Em abril deste ano, em meio ao pior momento da epidemia, o instituto, que realiza os exames para detectar H1N1, zika, dengue e outros vírus, estava desabastecido com kits de sorologia. Na época, o laboratório informou que os estoques se esgotaram. Atualmente, o instituto foi abastecido.

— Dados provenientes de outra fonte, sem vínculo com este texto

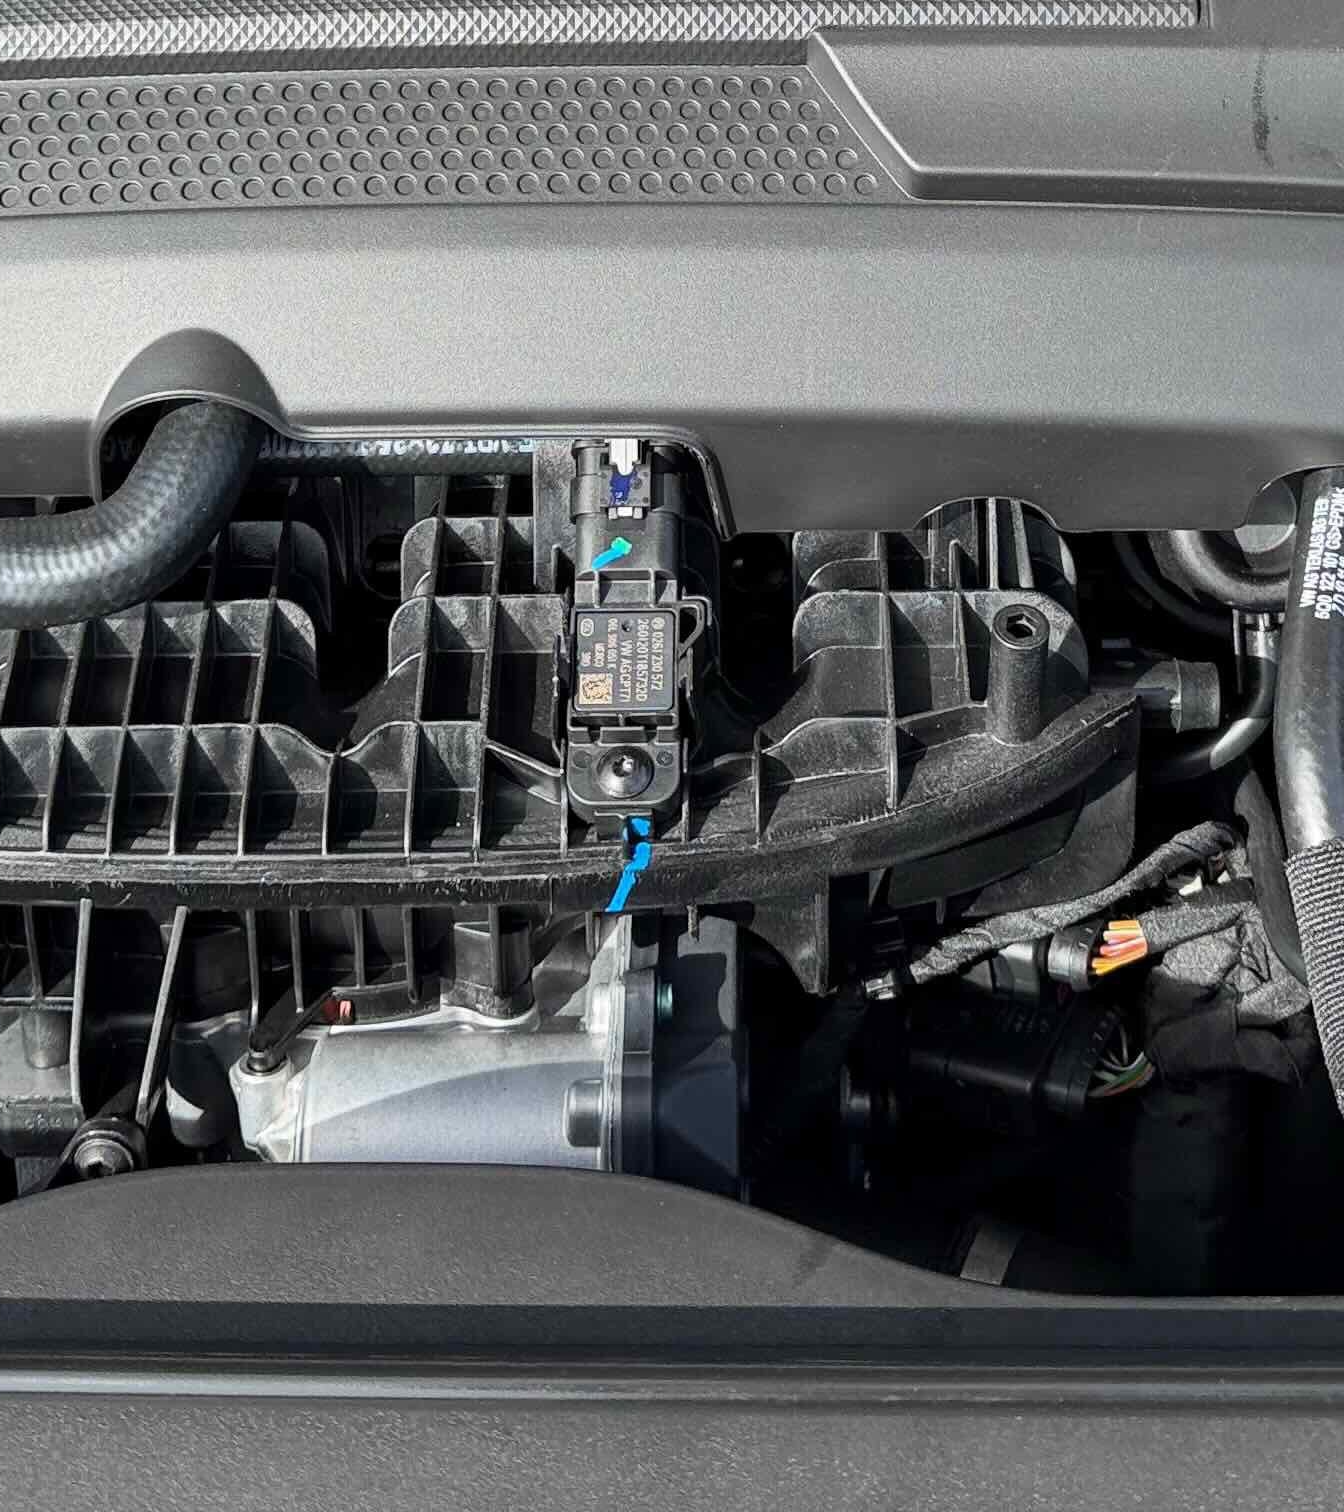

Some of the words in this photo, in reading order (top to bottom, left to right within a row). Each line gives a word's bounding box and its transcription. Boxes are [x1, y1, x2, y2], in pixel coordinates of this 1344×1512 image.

[1322, 552, 1339, 569] 101
[1319, 572, 1336, 591] 122
[1299, 590, 1317, 608] VW
[620, 640, 633, 657] VW
[620, 657, 633, 673] AG

Segundo a assessoria de comunicação do Adolfo Lutz, a Secretaria de Estado de Saúde implantou em 2015 uma rede sentinela contra zika, que vem monitorando a circulação do zika vírus no Estado. "Por meio da rede de laboratórios do Instituto Adolfo Lutz, a secretaria vem realizando testes de Reação em Cadeia da Polimerase, com Transcriptase Reversa, em Tempo Real (RT-PCR) em amostras de casos suspeitos de zika, visando identificar o genoma do zika vírus", informou, em nota, o instituto. "Esses exames são aplicados, sobretudo, em regiões em que há notificação de casos de microcefalia. Vale ressaltar que o envio de kits para testes RT-PCR ao Estado de São Paulo para diagnóstico do zika vírus é de responsabilidade do Ministério da Saúde, e está normalizado", complementa.

Brasil

No Brasil, segundo o último boletim do Ministério da Saúde, de agosto, foram registrados 174.003 casos prováveis de febre pelo vírus da zika em todo o país, até o dia 9 de julho. Isso representa uma taxa de incidência de 85,1 casos a cada 100 mil habitantes. Foram confirmados laboratorialmente quatro óbitos por zika vírus no país, sendo três no ano passado e um em 2016. A região Sudeste teve 67.544 casos prováveis da doença, seguida das regiões Nordeste (66.991); Centro-Oeste (26.674); Norte (10.944) e Sul (1.850).